216P Sacituzumab govitecan in metastatic triple-negative breast cancer: Efficacy -with a focus on brain metastases- and toxicity in a real-world cohort

ASCENT demonstrated the efficacy of Sacituzumab govitecan (SG) in patients (pts) with metastatic triple-negative breast cancer (mTNBC), and led to EMA approval in November 2021. We set up an ambispective bicentric cohort study to assess the real-world effectiveness and safety of SG in pts with mTNBC. This study included pts treated through the French Early Access Program from May 2021 to January 2023. Pts provided written consent for their clinical data to be reported. The cohort included 103 pts with a median age of 55 years [26-89]; 7/74 pts (9%) had BRCA1/BRCA2 germline mutation, 15 pts (15%) de novo metastatic disease and 32 pts (31%) brain metastases. Pts had previously received a median of 2 lines [1-10] of treatment in advanced setting, 29 pts (28%) and 6 pts (6%) had previously received anti-PD-1/PD-L1 and PARP inhibitors respectively. After a median follow-up of 9.6 months, median progression-free survival (PFS) and overall survival (OS) were 4.0 months (95%CI[3.4-5.3]) and 9.2 months (95%CI[7.2-NR]) respectively.

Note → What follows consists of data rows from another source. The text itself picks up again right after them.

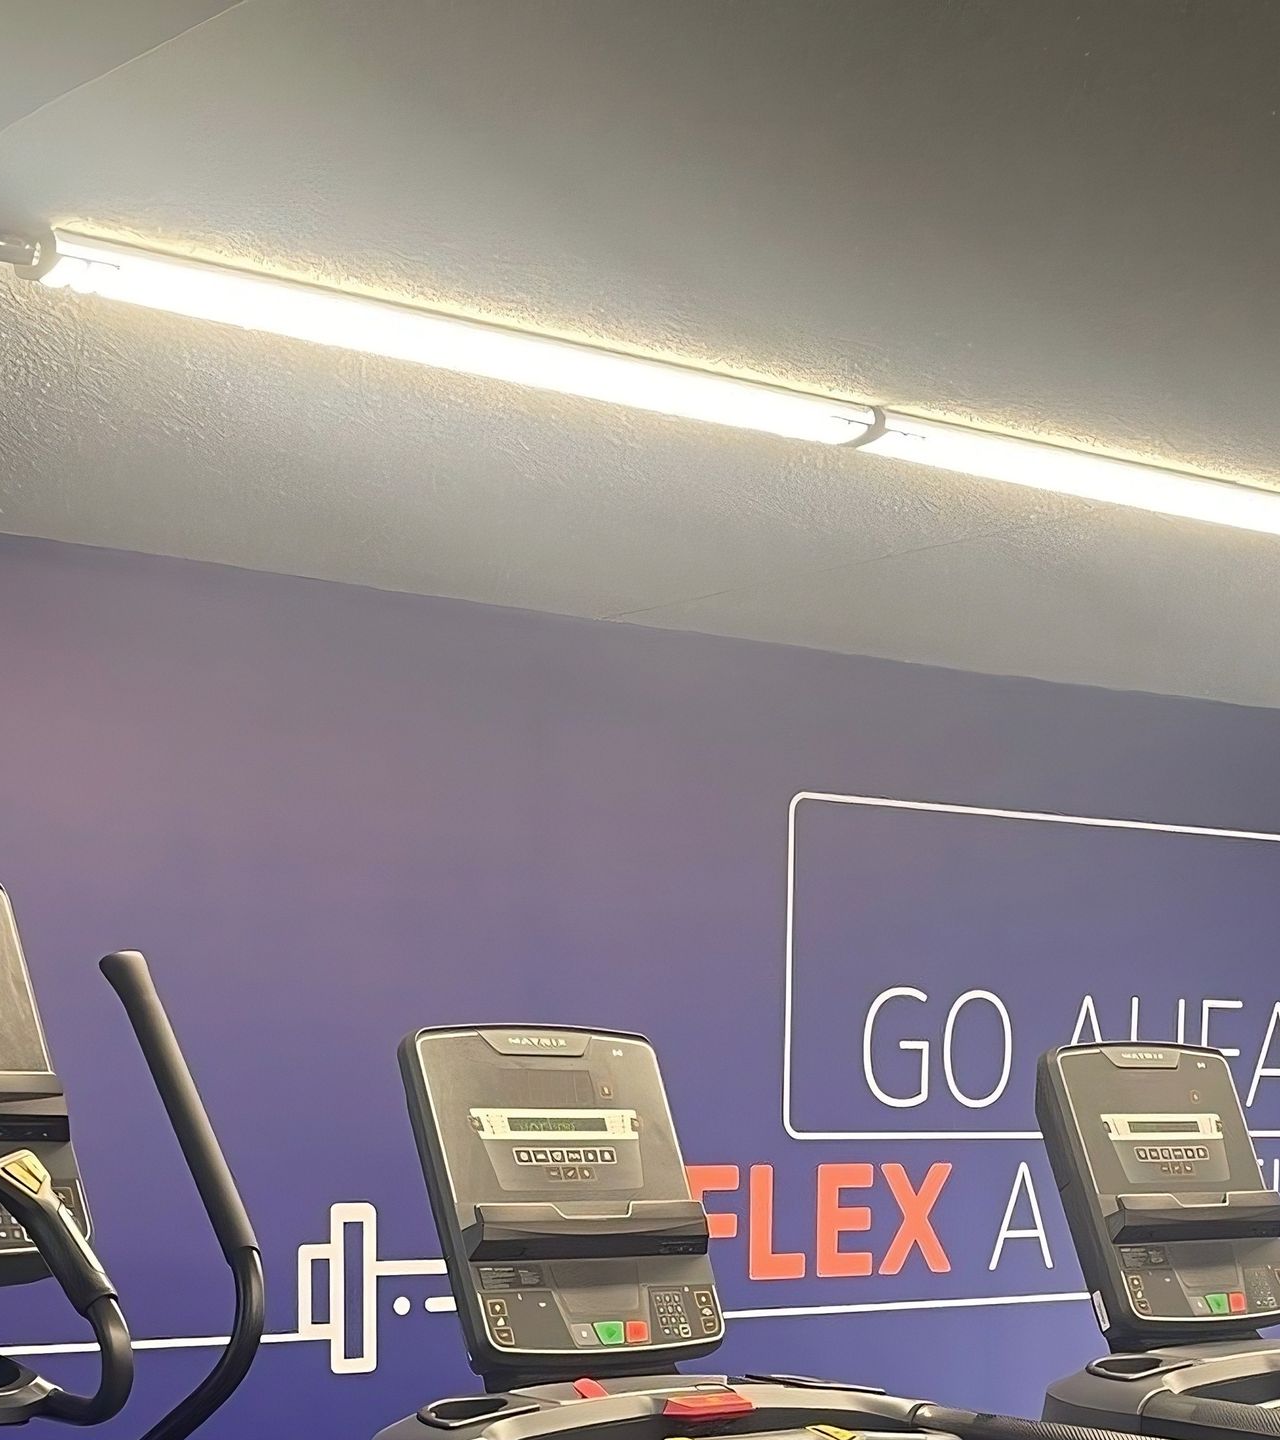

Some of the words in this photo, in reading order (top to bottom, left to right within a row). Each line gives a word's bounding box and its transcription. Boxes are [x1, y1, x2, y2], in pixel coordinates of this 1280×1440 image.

[863, 987, 1013, 1109] GO
[684, 1162, 952, 1280] FLEX
[989, 1161, 1053, 1271] A
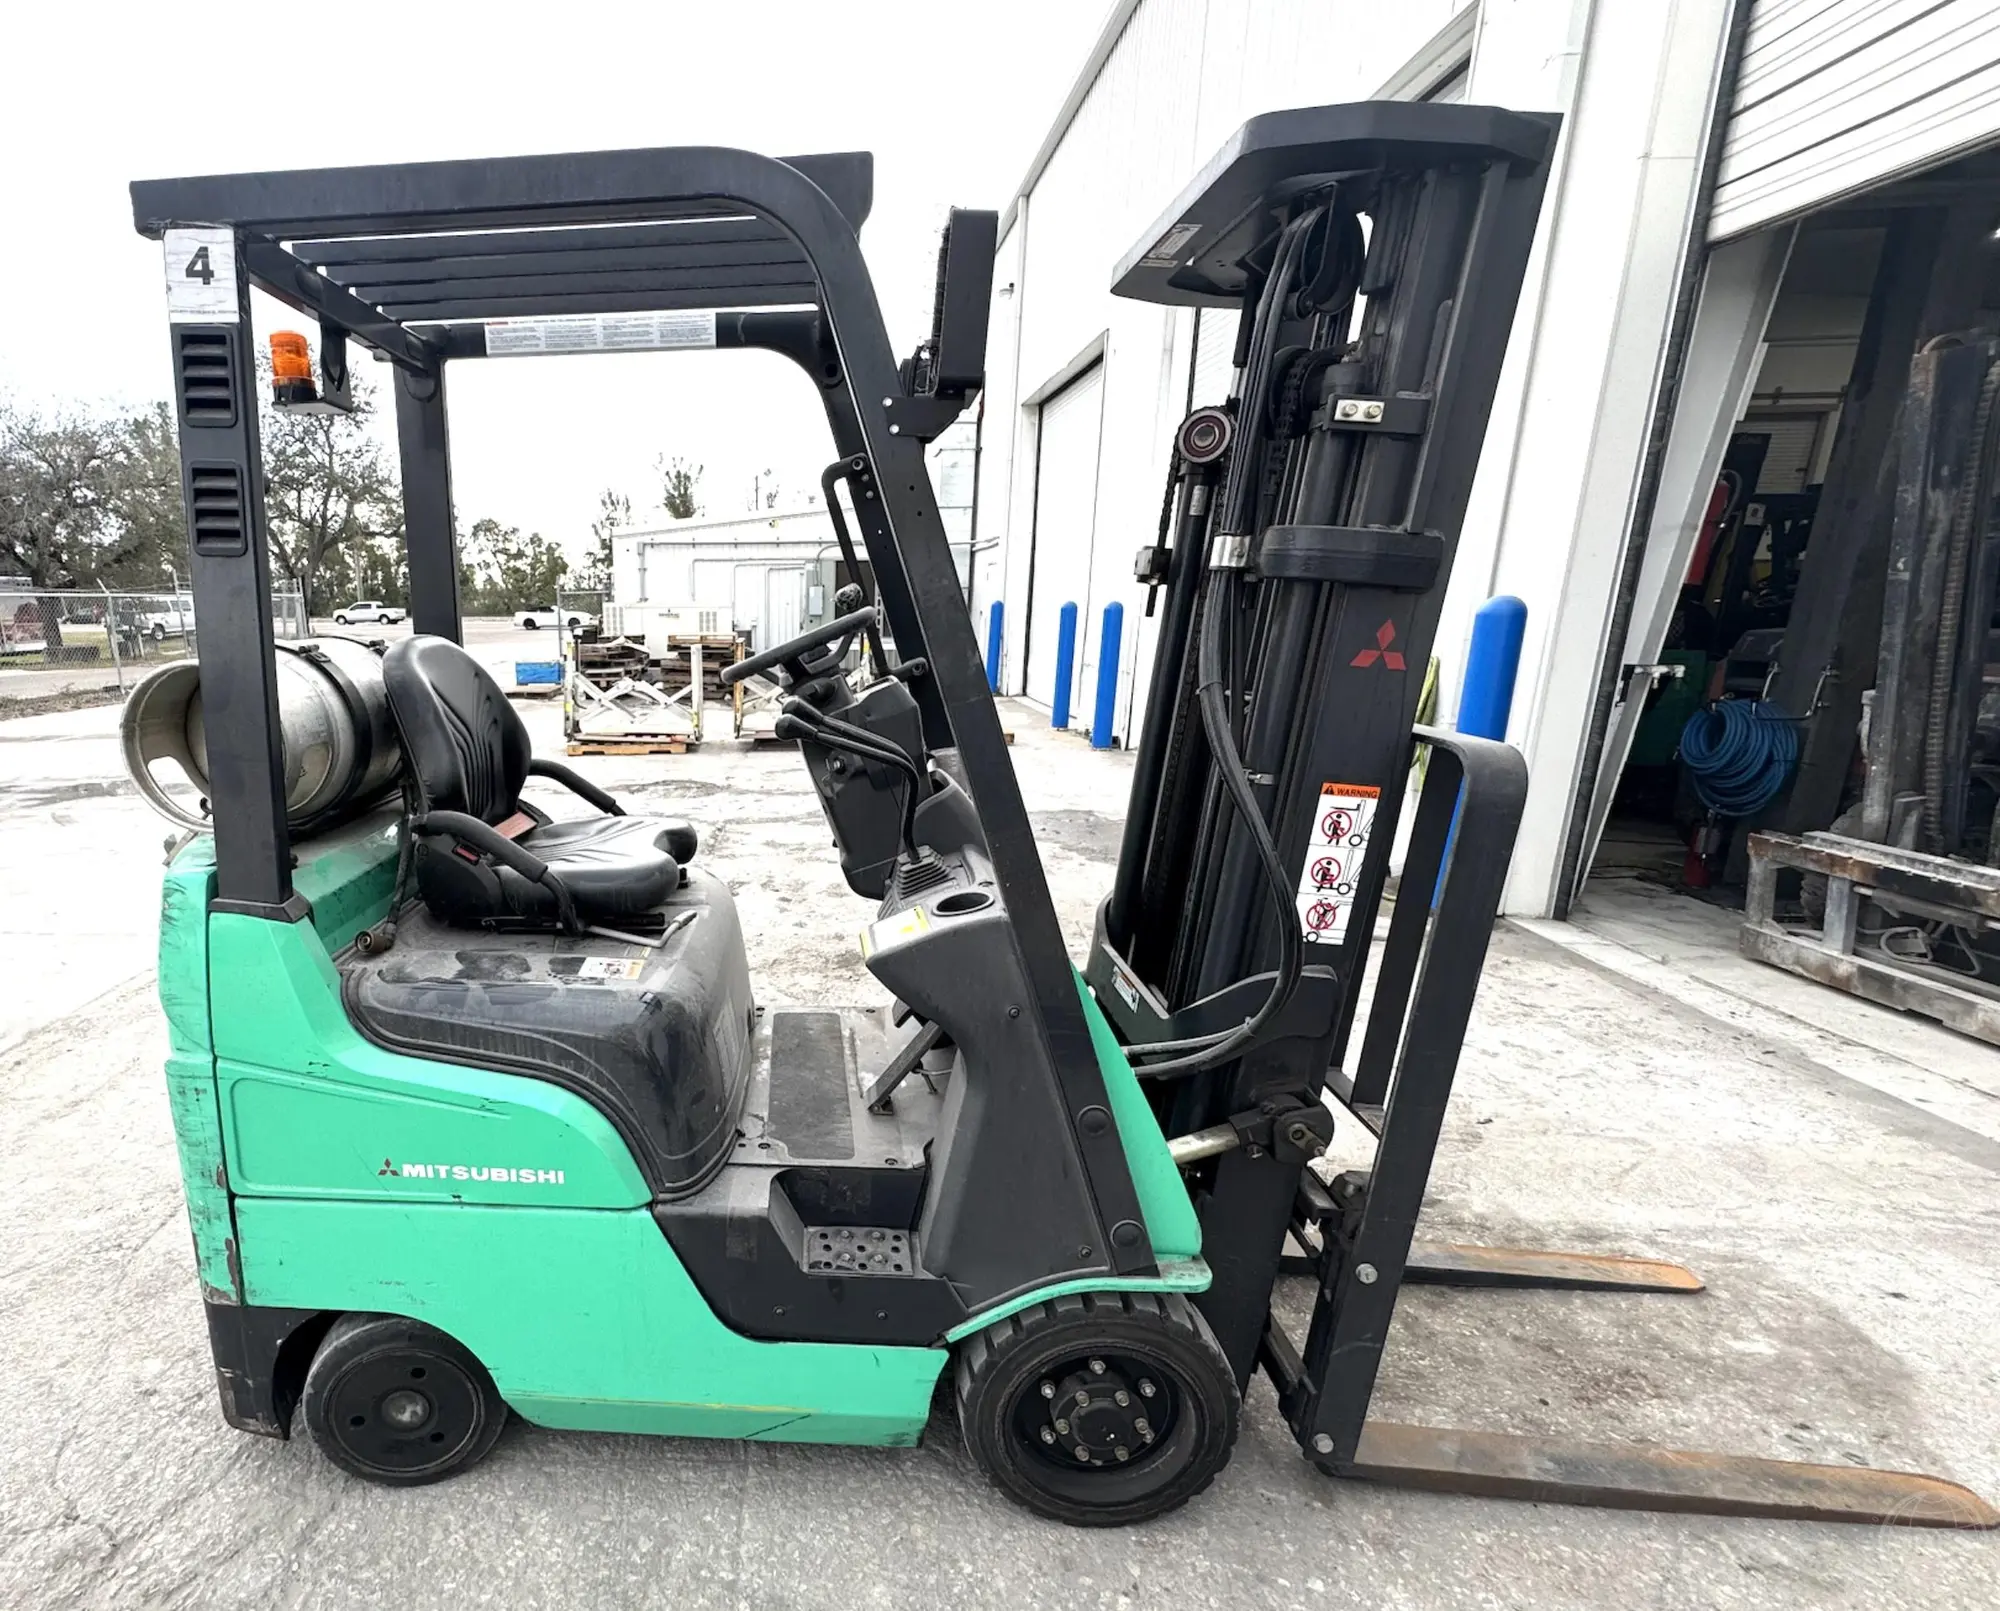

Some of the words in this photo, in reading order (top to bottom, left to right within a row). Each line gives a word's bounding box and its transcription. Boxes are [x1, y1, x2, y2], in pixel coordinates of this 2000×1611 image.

[185, 246, 215, 285] 4
[1337, 787, 1378, 799] WARNING
[402, 1163, 564, 1185] MITSUBISHI

The objective response rate (ORR) was 30% (2 pts achieved a complete response). Among pts with brain metastases, median PFS was 3.7 months (95%CI[2.6-6.2]) and OS 6.7 months (95%CI[6.3-NR]). Of 103 treated pts, 78 pts (76%) discontinued SG due to progressive disease (73 pts, 94%), toxicity (1 pt, 1%), physical deterioration (3 pts, 4%) or the patient’s request (1 pt, 1%). Twenty-five pts (24%) were on treatment at data cut-off. The median duration of treatment was 3 months, corresponding to 6 cycles of SG. Dose reductions were required in 19 pts (18%) within a median of 2 cycles [2-11], due to gastrointestinal toxicity (6 pts), hematological toxicity (8 pts), liver enzyme elevation (1 pt), febrile neutropenia (3 pts), and physical deterioration (1 pt). There was no related death to SG. Our real-world data in mTNBC pts are consistent with results of the ASCENT trial in terms of ORR and safety, but observed PFS and OS are numerically shorter, including pts with brain metastases.